Can DIs protect us from viral threat?

A lot of efforts have been made to take advantage of the ability of DIs to activate the IFN system. To date, no investigation is conclusive enough to ascertain that DIs can have therapeutic effects in humans, and numerous studies performed on animals have not yet yielded promising results.

The best studied DI RNA in terms of therapeutic purposes is an influenza DI RNA that could potentially protect against all influenza A subtypes.

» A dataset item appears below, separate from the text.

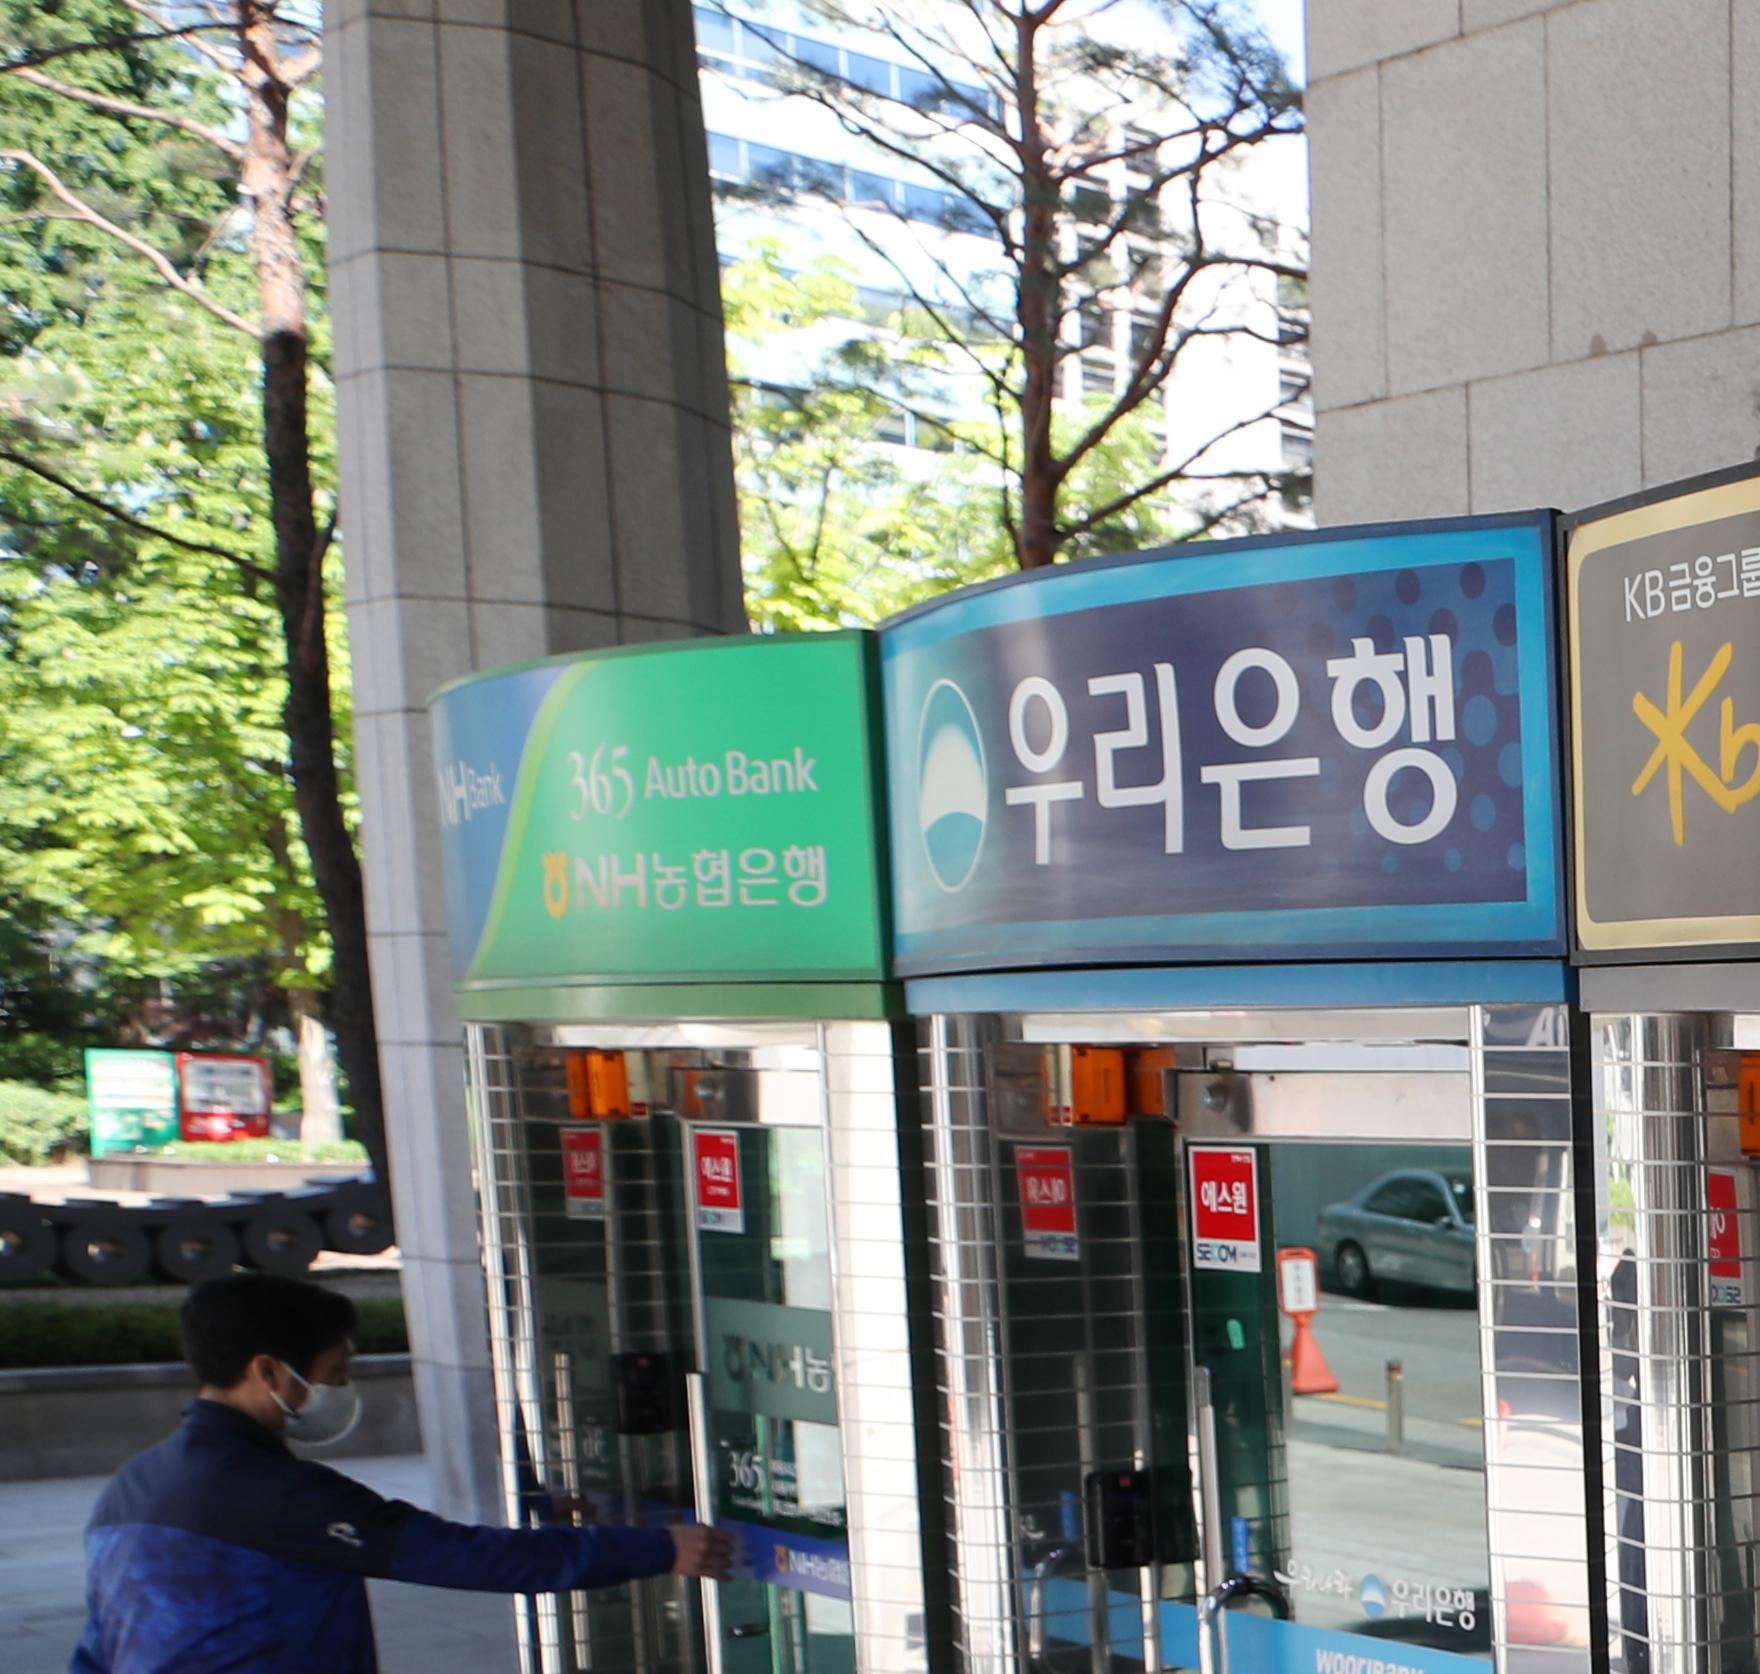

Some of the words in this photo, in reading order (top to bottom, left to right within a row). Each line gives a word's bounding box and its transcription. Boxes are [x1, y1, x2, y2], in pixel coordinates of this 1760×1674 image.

In terms of developing DI viruses which could protect against other common virus infections, the best studied of them seems to be an influenza DI RNA that potentially could protect against all influenza A subtypes. Nevertheless, it is still not possible to modify a DI sequence to increase its protective ability, as DIs have not been extensively studied in these terms. Furthermore, it seems that the ability of the DI RNA to interfere with the helper virus is not the sole answer to establish a correlation between protection and interference, thus complicating the development of new therapeutics using DIs.

In summary, DI genomes play an important role in the virus life cycle, seriously affecting the spread of infection and the activation of the host immune system. They could represent a powerful advantage in developing new therapeutics against viral infection. Unfortunately, results in animal models have not performed as desired to conclude that DIs can be used as therapeutic agents. The good point is that we will soon see crucial advancements due to intense research in the field.



Barbalat, R., Ewald, S.E., Mouchess, M.L. & Barton, G.M. 2011. Nucleic acid recognition by the innate immune system. Annu Rev Immunol, 29:185-214.

Killip, M.J., Young, D.F., Gatherer, D., Ross, C.S., Short, J.A., Davison, A.J., Goodbourn, S. & Randall, R.E. 2013. Deep sequencing analysis of defective genomes of parainfluenza virus 5 and their role in interferon induction. J Virol, 87(9):4798-4807.

Marriott, A.C. & Dimmock, N.J. 2010. Defective interfering viruses and their potential as antiviral agents. Rev Med Virol, 20(1):51-62.